Treasury Takes Loss on Tarp Auctions

The Treasury Department has unloaded its latest round of bank stocks from the Troubled Asset Relief Program at a deep discount.

The Treasury said Wednesday it has sold shares of preferred stock and subordinated debt it held in 11 banks via auctions that are expected to net $191.3 million, or roughly 66 cents on the dollar.

The banks received a combined $285 million from the government over roughly a year starting in December 2008.

Agency officials said previously they were prepared for bigger discounts in sales of Tarp stakes that remain. Seven banks in the latest round had fallen behind on quarterly payments tied to the shares Treasury took.

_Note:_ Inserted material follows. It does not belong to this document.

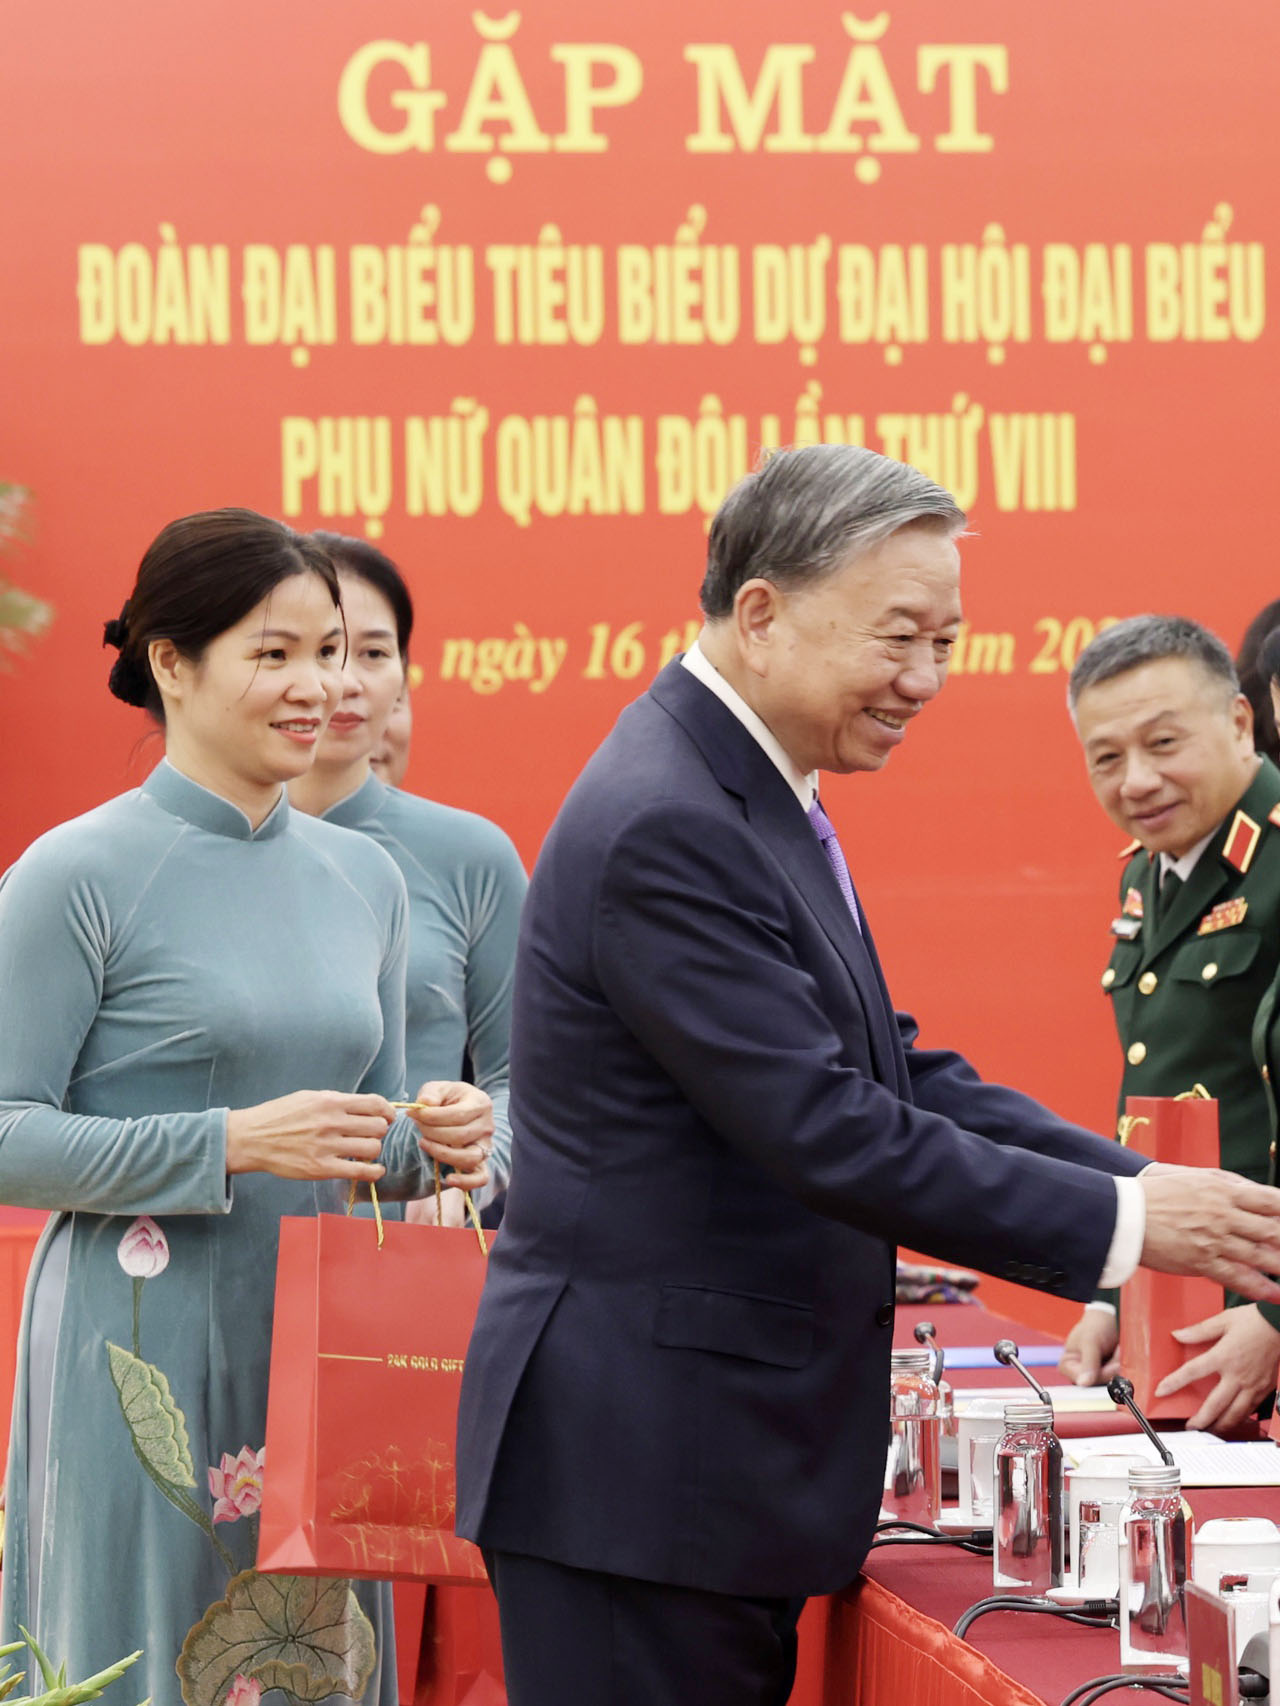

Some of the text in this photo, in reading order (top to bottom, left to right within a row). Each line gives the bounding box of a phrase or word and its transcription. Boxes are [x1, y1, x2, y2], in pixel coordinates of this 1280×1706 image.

The auctions are expected to close in February. Once they are done, taxpayers will have recovered roughly $268 billion from Tarp's bank programs through repayments, dividends, interest and other income, or roughly $23 billion more than originally invested, Treasury said.

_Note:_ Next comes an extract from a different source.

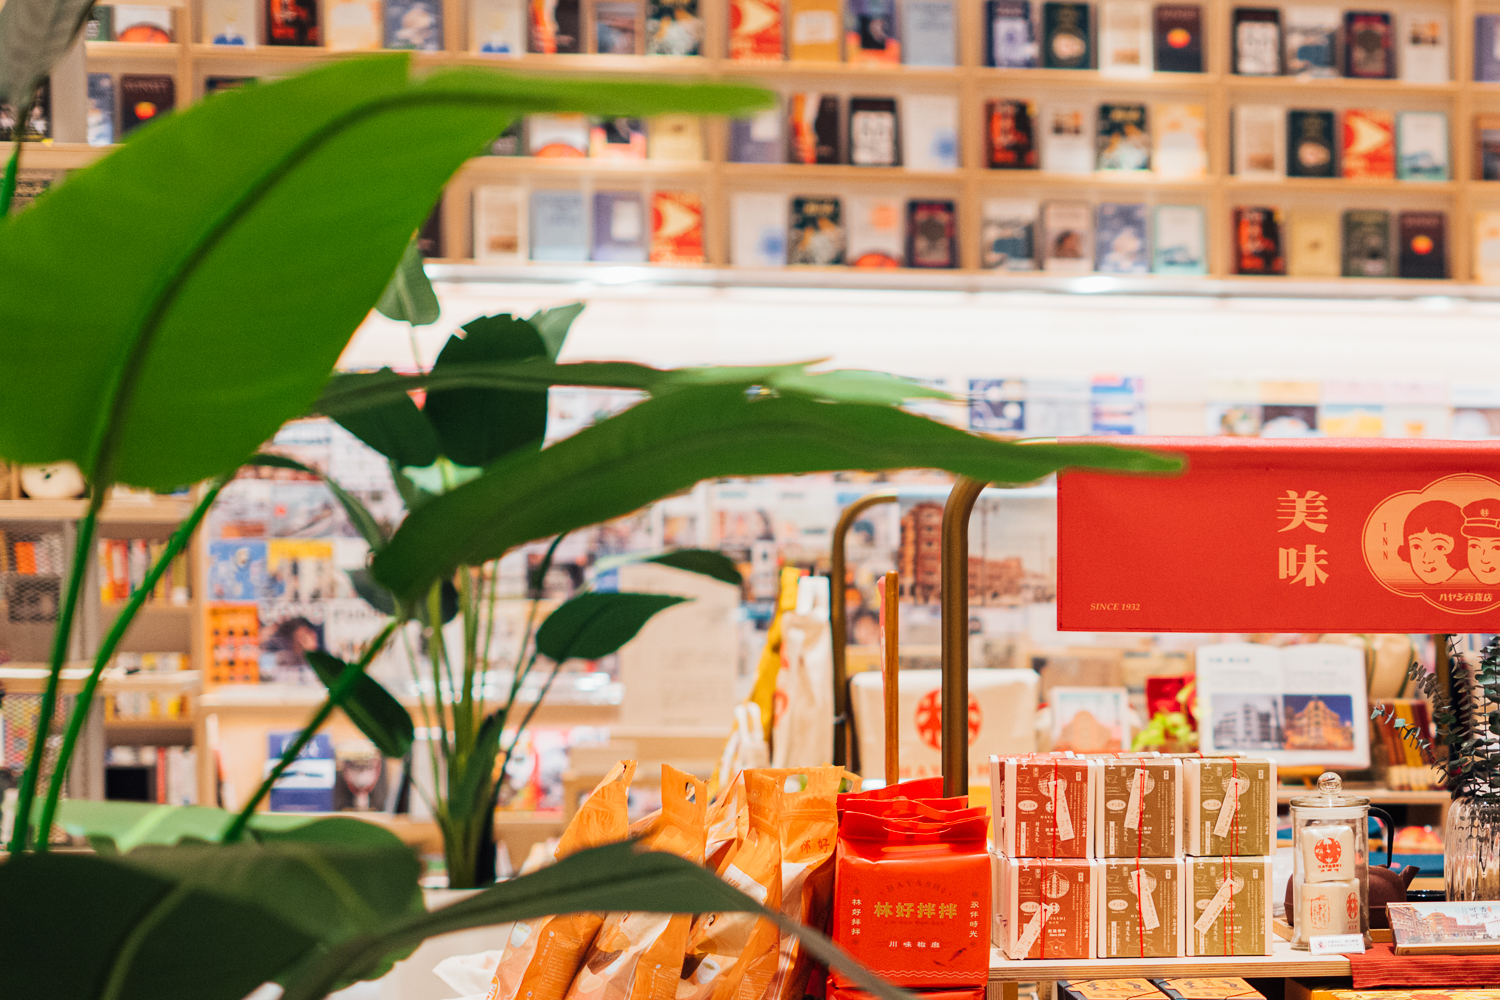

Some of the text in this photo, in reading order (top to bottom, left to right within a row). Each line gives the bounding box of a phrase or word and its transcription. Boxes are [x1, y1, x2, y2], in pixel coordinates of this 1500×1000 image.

 "These auctions are continuing to help community banks replace temporary government support with private capital as we wind down Tarp," Timothy Massad, the assistant secretary for financial stability, said in a press release.

The stakes auctioned were Treasury's holdings in: Dickinson Financial Services in Kansas City, Mo.; Colony Bankcorp in Fitzgerald, Ga.; Citizens Bancshares in Chillicothe, Mo.; Alliance Financial Services in Saint Paul, Minn.; HMN Financial in Rochester, Minn.; First Priority Financial in Malvern, Pa.; Coastal Banking Co. in Beaufort, S.C.; Delmar Bancorp in Salisbury, Md.; F&M Bancshares in Trezevant, Tenn.; Biscayne Bancshares in Coconut Grove, Fla.; and Waukesha Bankshares in Wisconsin.

Roughly 212 banks remained in Tarp's capital purchase program, the primary source of aid to banks, as of Dec. 31, while Treasury continued to hold warrants in roughly 46 others, according to a report released Tuesday by the program's special inspector general.

Treasury had realized roughly $3.1 billion in write-offs and losses from the capital purchase program as of Dec. 31.